#### Work instructions:
Produce an exact copy of the data below.

#### Data excerpts:
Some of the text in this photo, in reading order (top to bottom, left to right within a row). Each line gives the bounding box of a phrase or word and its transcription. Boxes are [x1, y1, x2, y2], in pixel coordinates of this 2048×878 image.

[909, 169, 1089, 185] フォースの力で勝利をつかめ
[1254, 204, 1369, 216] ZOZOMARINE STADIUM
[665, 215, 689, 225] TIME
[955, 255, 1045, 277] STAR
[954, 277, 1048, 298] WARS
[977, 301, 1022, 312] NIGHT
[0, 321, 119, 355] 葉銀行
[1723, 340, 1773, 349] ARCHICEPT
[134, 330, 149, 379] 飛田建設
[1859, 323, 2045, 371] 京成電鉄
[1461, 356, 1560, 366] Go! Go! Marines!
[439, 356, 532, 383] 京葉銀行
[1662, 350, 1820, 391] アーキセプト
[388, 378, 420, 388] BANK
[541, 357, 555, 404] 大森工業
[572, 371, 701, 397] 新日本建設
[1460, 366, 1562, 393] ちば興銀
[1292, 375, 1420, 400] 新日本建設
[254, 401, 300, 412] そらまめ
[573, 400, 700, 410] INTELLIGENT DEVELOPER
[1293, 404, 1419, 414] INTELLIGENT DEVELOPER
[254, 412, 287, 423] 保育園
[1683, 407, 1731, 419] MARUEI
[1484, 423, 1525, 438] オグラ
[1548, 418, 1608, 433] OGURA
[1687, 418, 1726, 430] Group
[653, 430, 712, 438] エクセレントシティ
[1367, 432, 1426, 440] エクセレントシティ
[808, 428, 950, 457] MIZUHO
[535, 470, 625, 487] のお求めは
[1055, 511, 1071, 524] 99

#### Your response:
Some of the text in this photo, in reading order (top to bottom, left to right within a row). Each line gives the bounding box of a phrase or word and its transcription. Boxes are [x1, y1, x2, y2], in pixel coordinates of this 2048×878 image.

[909, 169, 1089, 185] フォースの力で勝利をつかめ
[1254, 204, 1369, 216] ZOZOMARINE STADIUM
[665, 215, 689, 225] TIME
[955, 255, 1045, 277] STAR
[954, 277, 1048, 298] WARS
[977, 301, 1022, 312] NIGHT
[0, 321, 119, 355] 葉銀行
[1723, 340, 1773, 349] ARCHICEPT
[134, 330, 149, 379] 飛田建設
[1859, 323, 2045, 371] 京成電鉄
[1461, 356, 1560, 366] Go! Go! Marines!
[439, 356, 532, 383] 京葉銀行
[1662, 350, 1820, 391] アーキセプト
[388, 378, 420, 388] BANK
[541, 357, 555, 404] 大森工業
[572, 371, 701, 397] 新日本建設
[1460, 366, 1562, 393] ちば興銀
[1292, 375, 1420, 400] 新日本建設
[254, 401, 300, 412] そらまめ
[573, 400, 700, 410] INTELLIGENT DEVELOPER
[1293, 404, 1419, 414] INTELLIGENT DEVELOPER
[254, 412, 287, 423] 保育園
[1683, 407, 1731, 419] MARUEI
[1484, 423, 1525, 438] オグラ
[1548, 418, 1608, 433] OGURA
[1687, 418, 1726, 430] Group
[653, 430, 712, 438] エクセレントシティ
[1367, 432, 1426, 440] エクセレントシティ
[808, 428, 950, 457] MIZUHO
[535, 470, 625, 487] のお求めは
[1055, 511, 1071, 524] 99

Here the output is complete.